Beethoven writes another undated note to Schindler, sometime after July 3, Brandenburg Letter 1693, Anderson Letter 1247. “Yesterday’s incident, which as you can see from the reports to the police, is something that can only be handled by the official police authorities. The statements of an unnamed person in the report match entirely with your own. At this point, it is out of the hands of private individuals.”
This letter probably relates to Ludwig, Karl and Schindler’s agreement on July 7th to register a complaint with the police to have Therese’s lovers stop hanging around the house. Beethoven seems to have enclosed with it a finished report based on his draft of July 3, in which he made several allegations against Therese van Beethoven, with a witness statement (possibly from Dr.Saxinger, who as Therese’s brother-in-law would have good reason to remain anonymous.) Exactly what “yesterday’s incident” that Beethoven refers to was is unclear.

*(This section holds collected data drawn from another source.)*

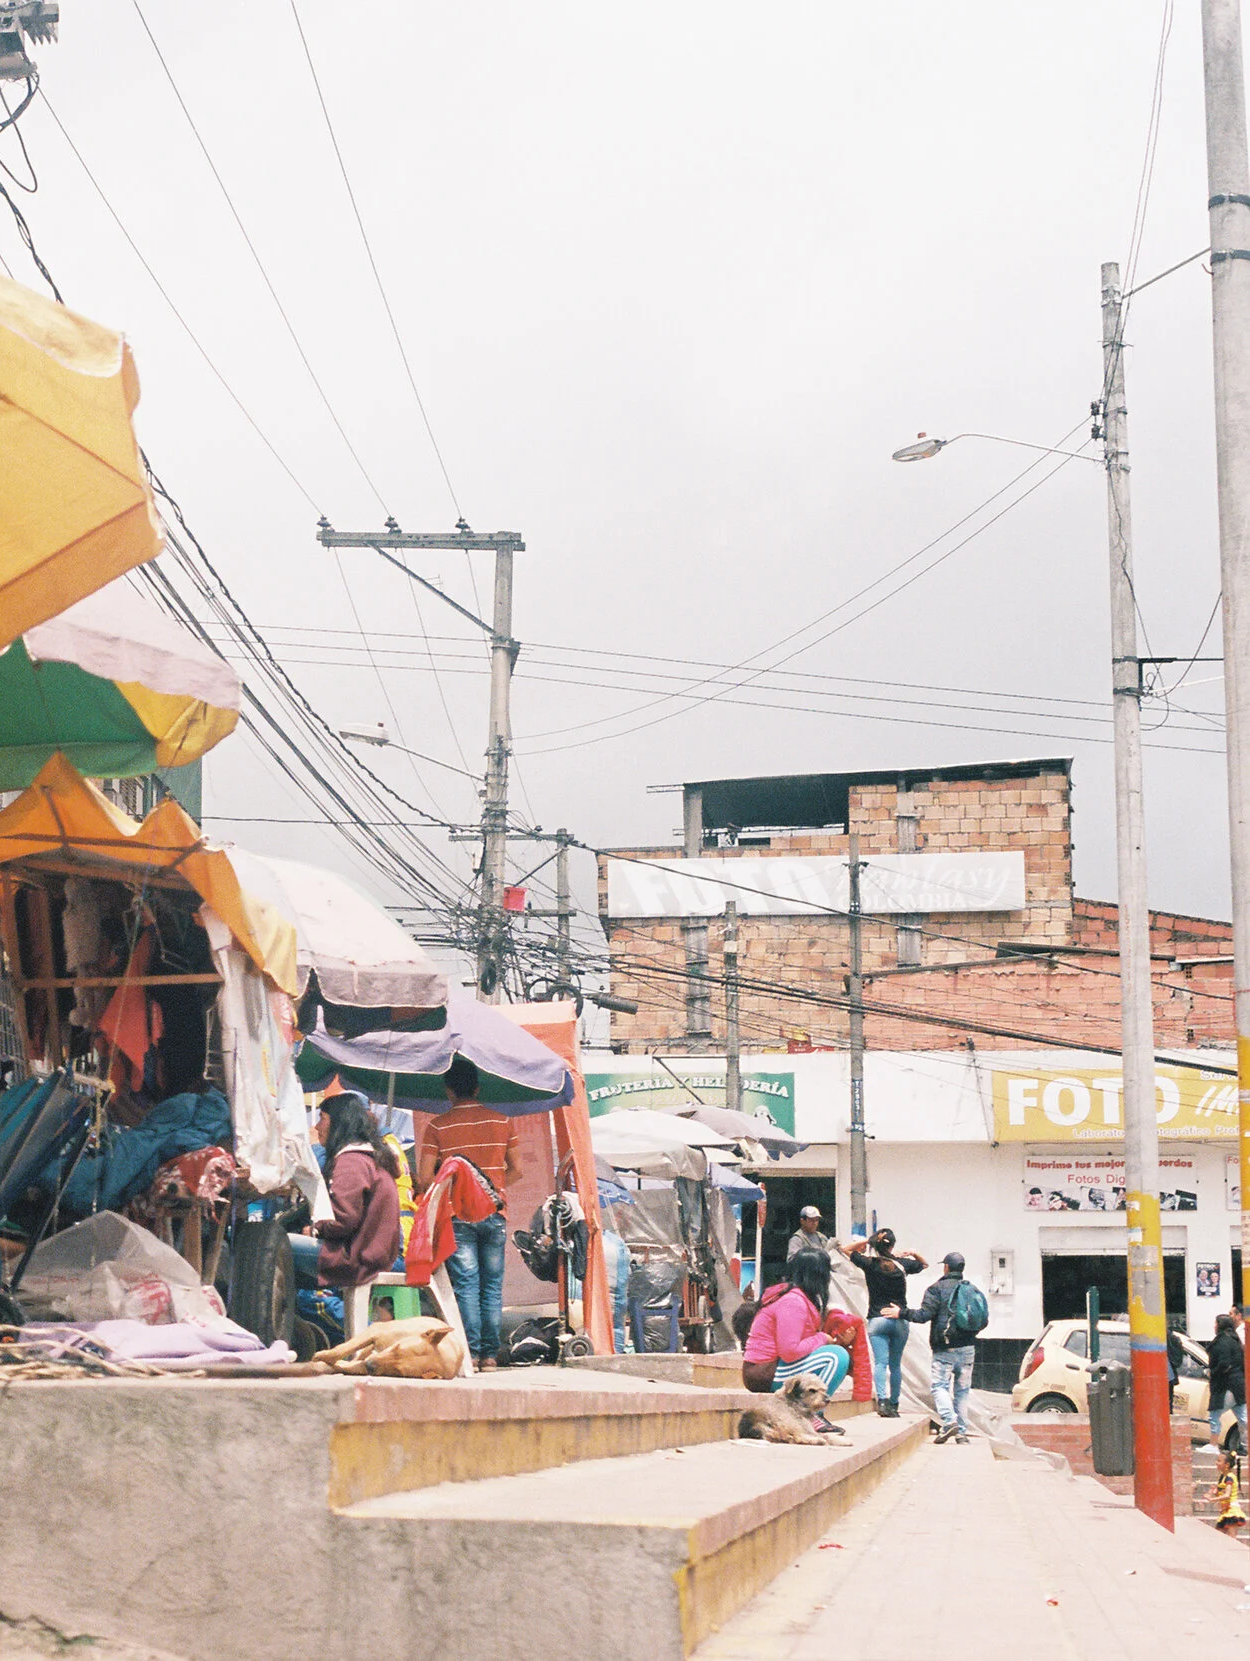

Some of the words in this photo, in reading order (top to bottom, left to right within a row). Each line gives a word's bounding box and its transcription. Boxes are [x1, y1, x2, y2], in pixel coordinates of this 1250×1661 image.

[692, 1075, 789, 1099] HELDERÍA
[1215, 1126, 1239, 1137] Prof
[1075, 1159, 1092, 1169] tus
[1067, 1174, 1101, 1185] Fotos
[1105, 1174, 1126, 1186] Dig

The original of this letter is held by the Philadelphia Historical Society of Pennsylvania. On it, Schindler has written the following explanatory note, which may or may not be accurate: “This concerns the scandalous performance of Johann van Beethoven’s wife during his illness in the summer of 1823. This woman not only visited her lover, an officer, in the barracks where he lived, she also went to walk with him to the most frequented places, and even received him in her own apartment. A part of my lettter to Beethoven of 3 July, which is attached, relates to this subject and was intended to serve as Exhibit A for the Master in his submission to the police. I managed to keep him from taking this step, as it would only increase the annoyance, without having improved this honor-deprived woman.”
If Schindler is to be believed, the matter ended up not in fact being submitted to the police. However, that claim is contradicted by Schindler himself in an annotation on another letter, so the facts remain murky. But if he stopped the matter from being sent to the police, that may be an indication that he was grossly exaggerating Therese’s misconduct, for if the police became involved, his wilder claims would surely be investigated and discredited.

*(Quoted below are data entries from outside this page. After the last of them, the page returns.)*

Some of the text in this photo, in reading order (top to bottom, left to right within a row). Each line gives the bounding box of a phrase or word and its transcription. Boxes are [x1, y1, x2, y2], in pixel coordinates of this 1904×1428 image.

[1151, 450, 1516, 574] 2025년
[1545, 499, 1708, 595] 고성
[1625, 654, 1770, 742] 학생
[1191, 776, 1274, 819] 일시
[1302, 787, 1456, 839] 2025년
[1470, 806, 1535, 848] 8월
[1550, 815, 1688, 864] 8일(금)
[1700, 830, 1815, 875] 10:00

Cappi & Diabelli publishes an advertisement for the Diabelli Variations op.120 in today’s Wiener Zeitung at 638. The lavish description (probably written by Carl Czerny) is pretty much the same as the original version published on June 16th. The corrected version should be available by this date, but there is no mention of that in the ad.
On the same page, J.Riedl’s art shop advertises Beethoven’s 10 Russian, Scottish and Tyrolean Themes for piano and flute, in 5 volumes [op.107,] as well as Beethoven’s Third Symphony (Eroica) arranged for piano four hands.